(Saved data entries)

____________

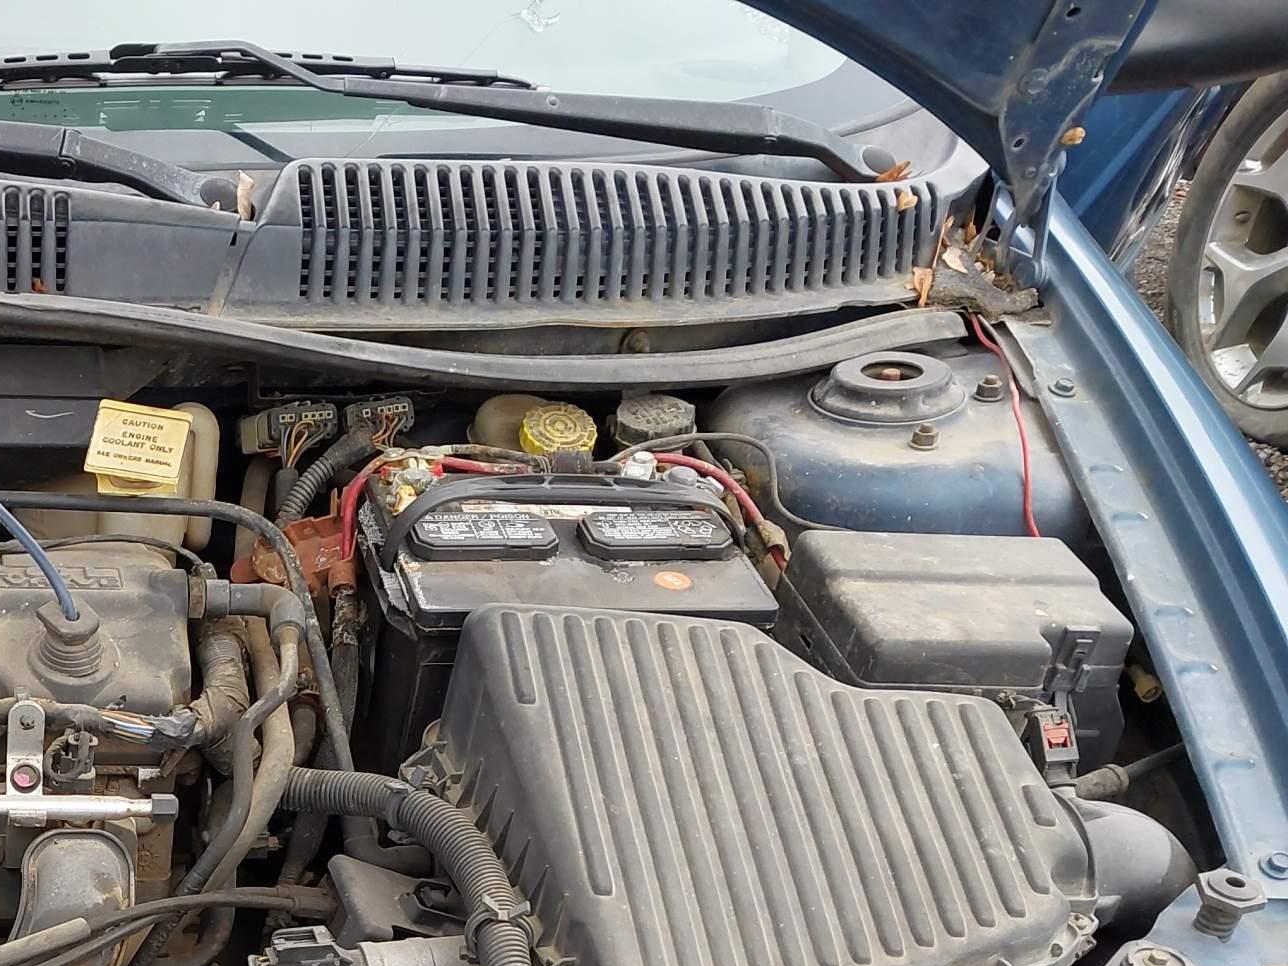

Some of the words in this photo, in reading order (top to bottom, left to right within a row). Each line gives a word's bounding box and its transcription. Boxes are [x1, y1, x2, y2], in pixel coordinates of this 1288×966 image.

[122, 418, 164, 431] CAUTION
[122, 431, 159, 443] ENGINE
[102, 436, 146, 449] COOLANT
[149, 443, 174, 454] ONLY

____________

Before copying the data, remove the pictures. Then repeat the rest exactly.

Some of the words in this photo, in reading order (top to bottom, left to right within a row). Each line gives a word's bounding box and its transcription. Boxes are [x1, y1, x2, y2], in pixel coordinates of this 1288×966 image.

[122, 418, 164, 431] CAUTION
[122, 431, 159, 443] ENGINE
[102, 436, 146, 449] COOLANT
[149, 443, 174, 454] ONLY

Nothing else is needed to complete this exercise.